(Data items)
□ □ □ □ □ □ □
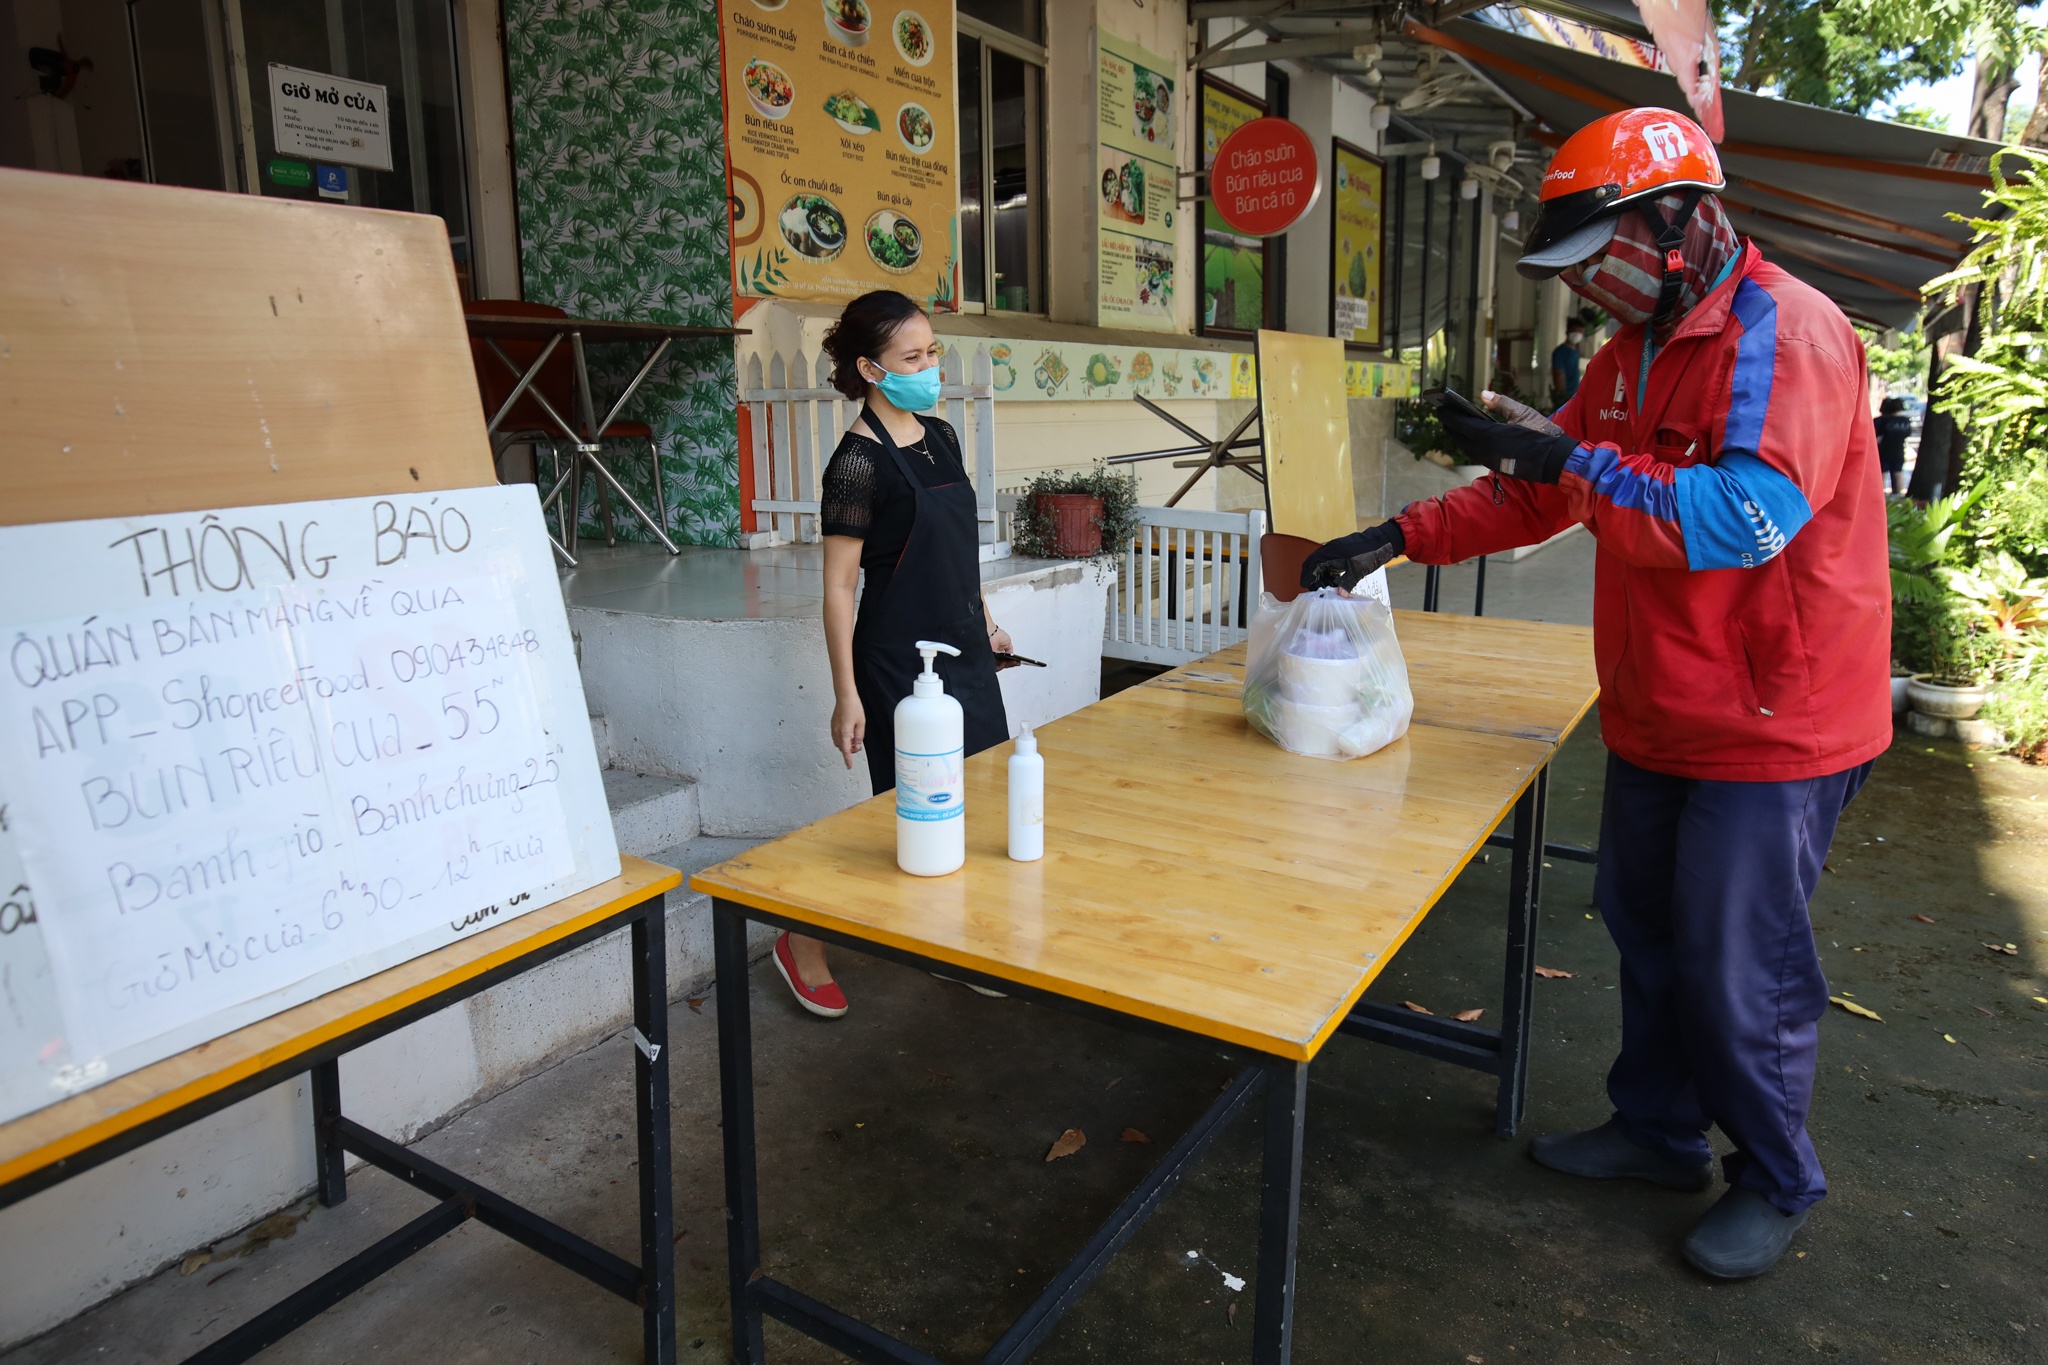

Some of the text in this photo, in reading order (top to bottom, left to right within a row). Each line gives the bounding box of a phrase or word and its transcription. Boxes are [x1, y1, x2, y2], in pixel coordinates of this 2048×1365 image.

[734, 12, 754, 28] Cháo
[760, 36, 770, 44] WITH
[823, 41, 836, 54] Bún
[838, 48, 846, 58] cá
[857, 52, 876, 67] chiên
[911, 72, 922, 82] cua
[314, 87, 339, 105] MỞ
[344, 92, 378, 113] CỬA
[284, 122, 302, 130] RIÊNG
[745, 114, 794, 136] Bún riêu cua
[748, 129, 758, 137] RICE
[754, 146, 766, 154] PORK
[766, 149, 776, 157] AND
[840, 138, 865, 152] Xôi xéo
[856, 154, 864, 162] RICE
[886, 150, 898, 161] Bún
[922, 160, 932, 170] cua
[1231, 148, 1262, 170] Cháo
[290, 168, 306, 177] Grab
[780, 169, 792, 184] Ốc
[794, 177, 806, 186] om
[829, 182, 843, 196] đậu
[1226, 167, 1303, 194] Bún riêu cua
[878, 190, 890, 202] Bún
[1236, 188, 1295, 214] Bún cá rô
[109, 497, 471, 597] THÔNG BÁO
[11, 579, 465, 688] QUÁN BÁN MANG VỀ QUA
[32, 693, 120, 758] APP
[162, 657, 370, 733] ShopeeFood
[219, 728, 321, 794] RIÊU
[351, 773, 441, 836] Bánh
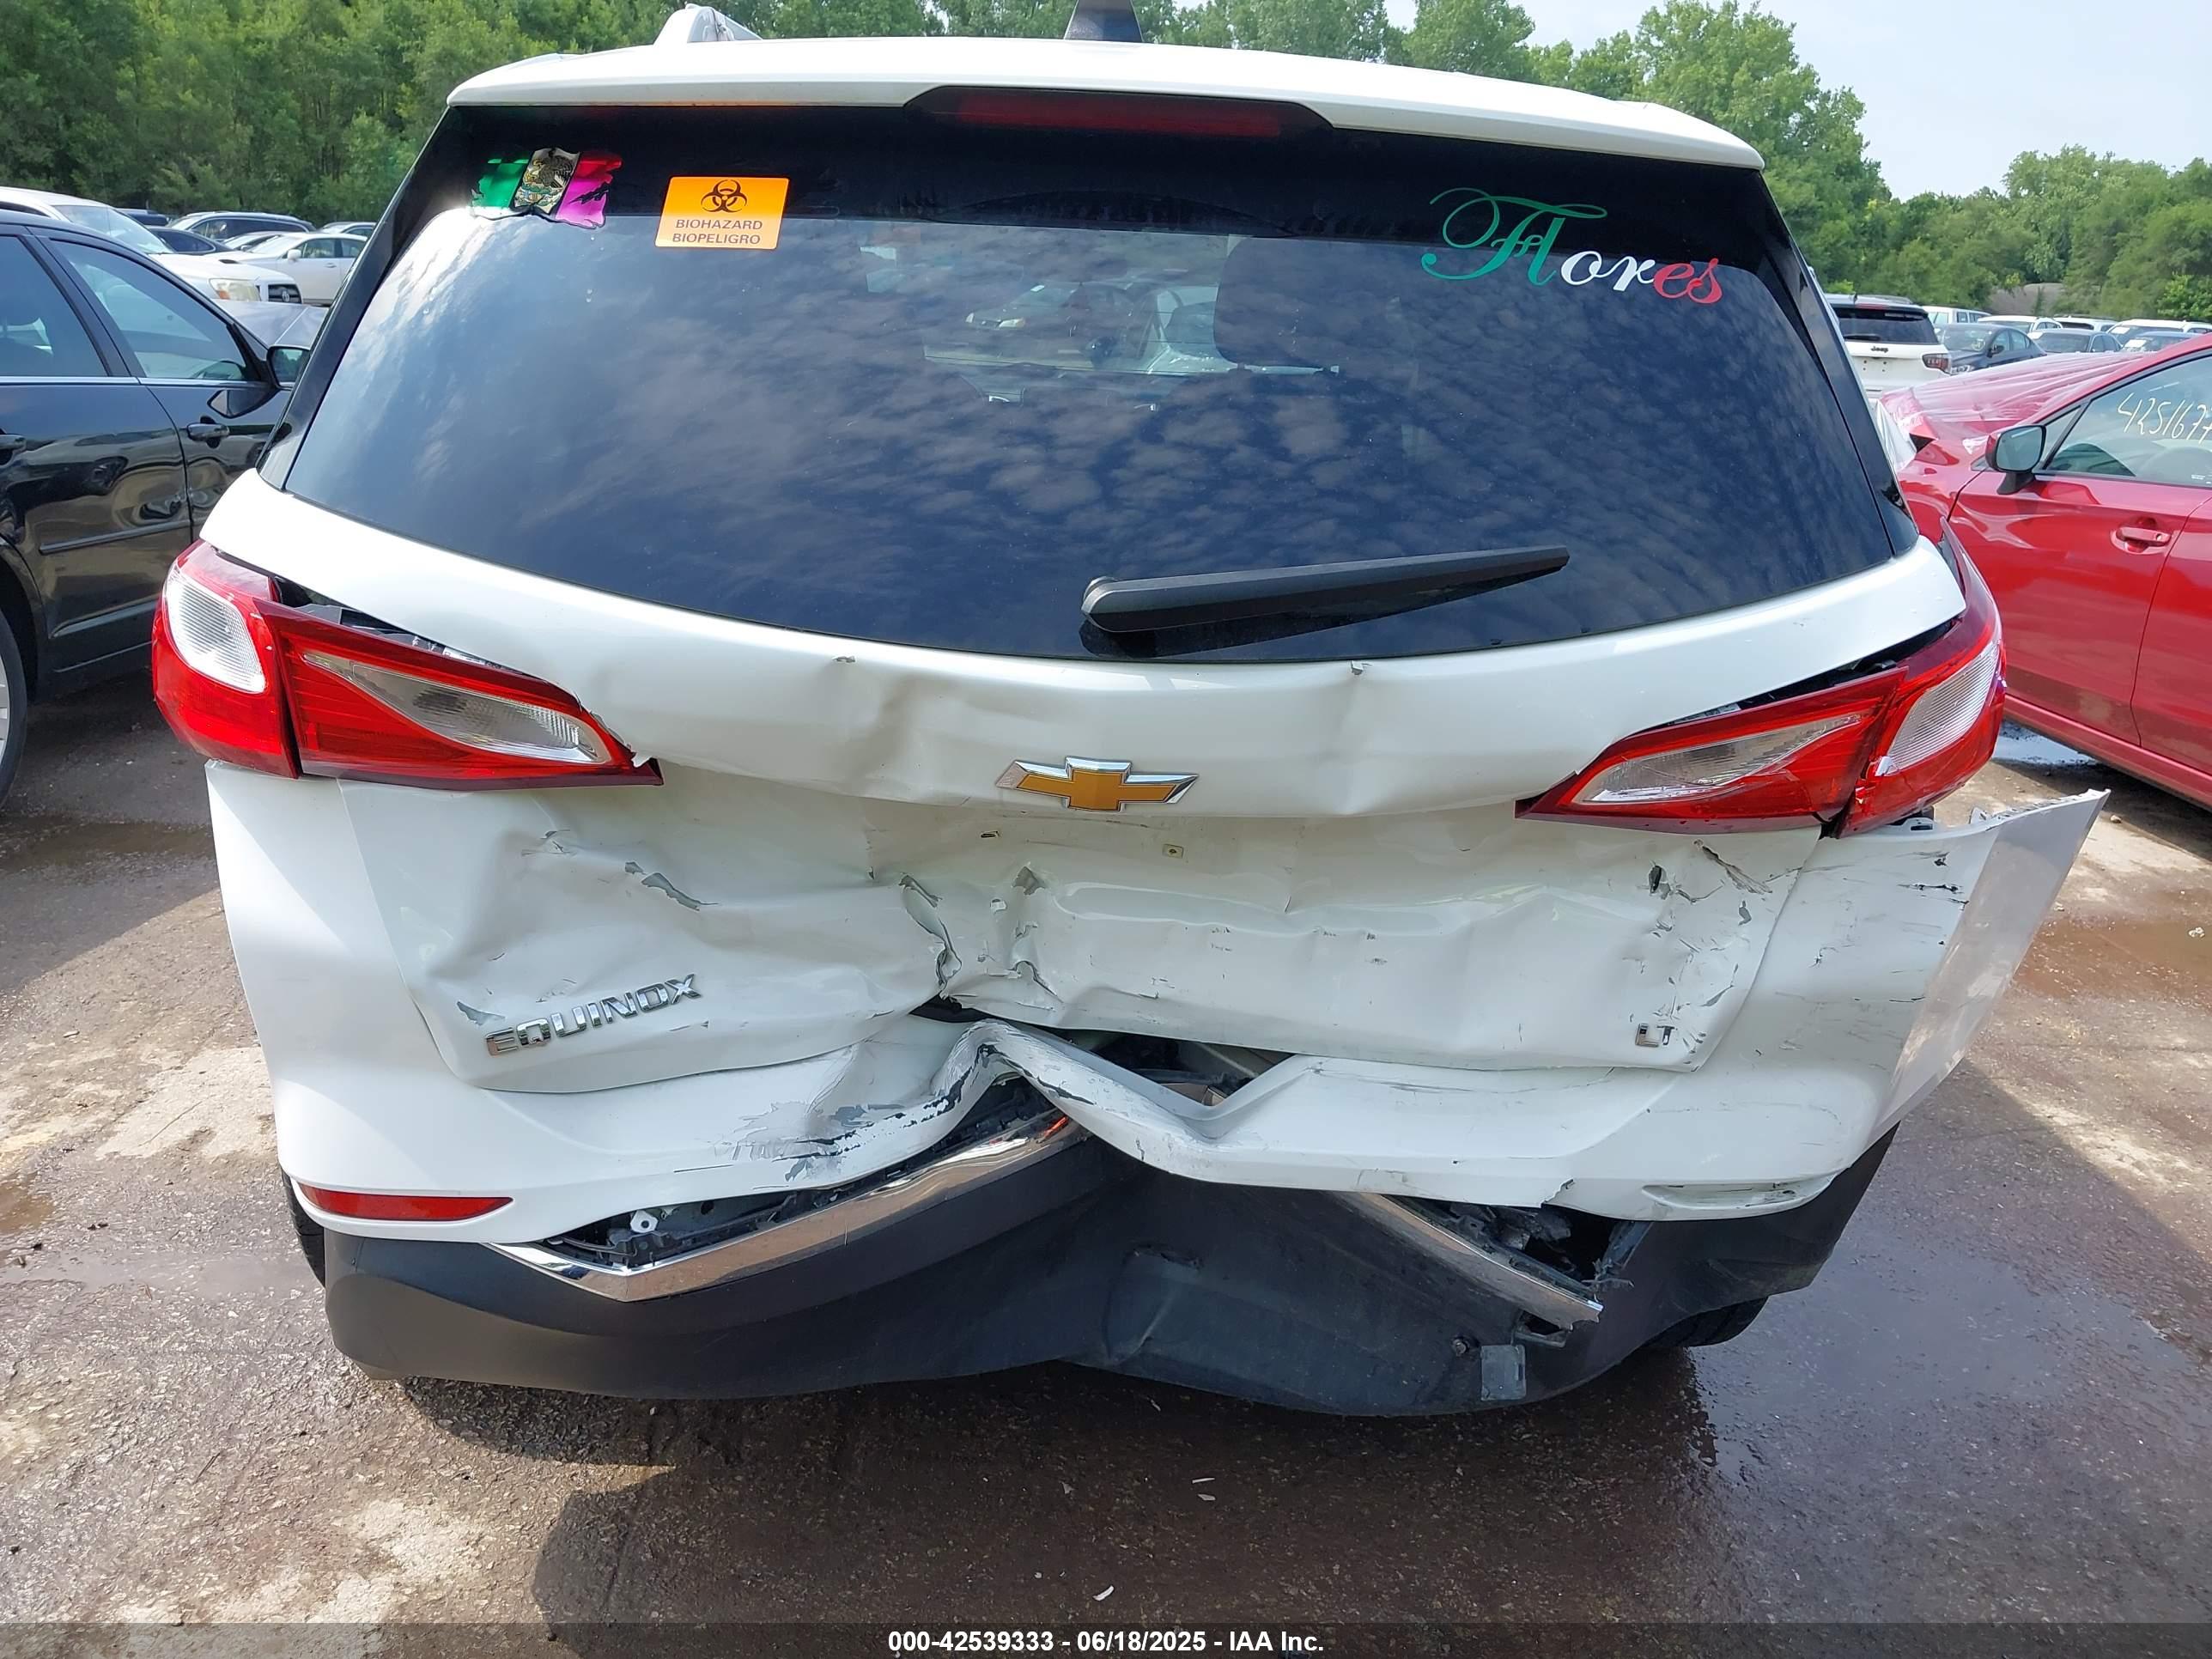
□ □ □ □ □ □ □
**Task prompt**.
Your copy of the entries must be exact and must not include any of their pictures.

**Answer section**.
Some of the text in this photo, in reading order (top to bottom, left to right within a row). Each line gives the bounding box of a phrase or word and its transcription. Boxes are [x1, y1, x2, y2], in pixel coordinates of this 2048×1365 image.

[734, 12, 754, 28] Cháo
[760, 36, 770, 44] WITH
[823, 41, 836, 54] Bún
[838, 48, 846, 58] cá
[857, 52, 876, 67] chiên
[911, 72, 922, 82] cua
[314, 87, 339, 105] MỞ
[344, 92, 378, 113] CỬA
[284, 122, 302, 130] RIÊNG
[745, 114, 794, 136] Bún riêu cua
[748, 129, 758, 137] RICE
[754, 146, 766, 154] PORK
[766, 149, 776, 157] AND
[840, 138, 865, 152] Xôi xéo
[856, 154, 864, 162] RICE
[886, 150, 898, 161] Bún
[922, 160, 932, 170] cua
[1231, 148, 1262, 170] Cháo
[290, 168, 306, 177] Grab
[780, 169, 792, 184] Ốc
[794, 177, 806, 186] om
[829, 182, 843, 196] đậu
[1226, 167, 1303, 194] Bún riêu cua
[878, 190, 890, 202] Bún
[1236, 188, 1295, 214] Bún cá rô
[109, 497, 471, 597] THÔNG BÁO
[11, 579, 465, 688] QUÁN BÁN MANG VỀ QUA
[32, 693, 120, 758] APP
[162, 657, 370, 733] ShopeeFood
[219, 728, 321, 794] RIÊU
[351, 773, 441, 836] Bánh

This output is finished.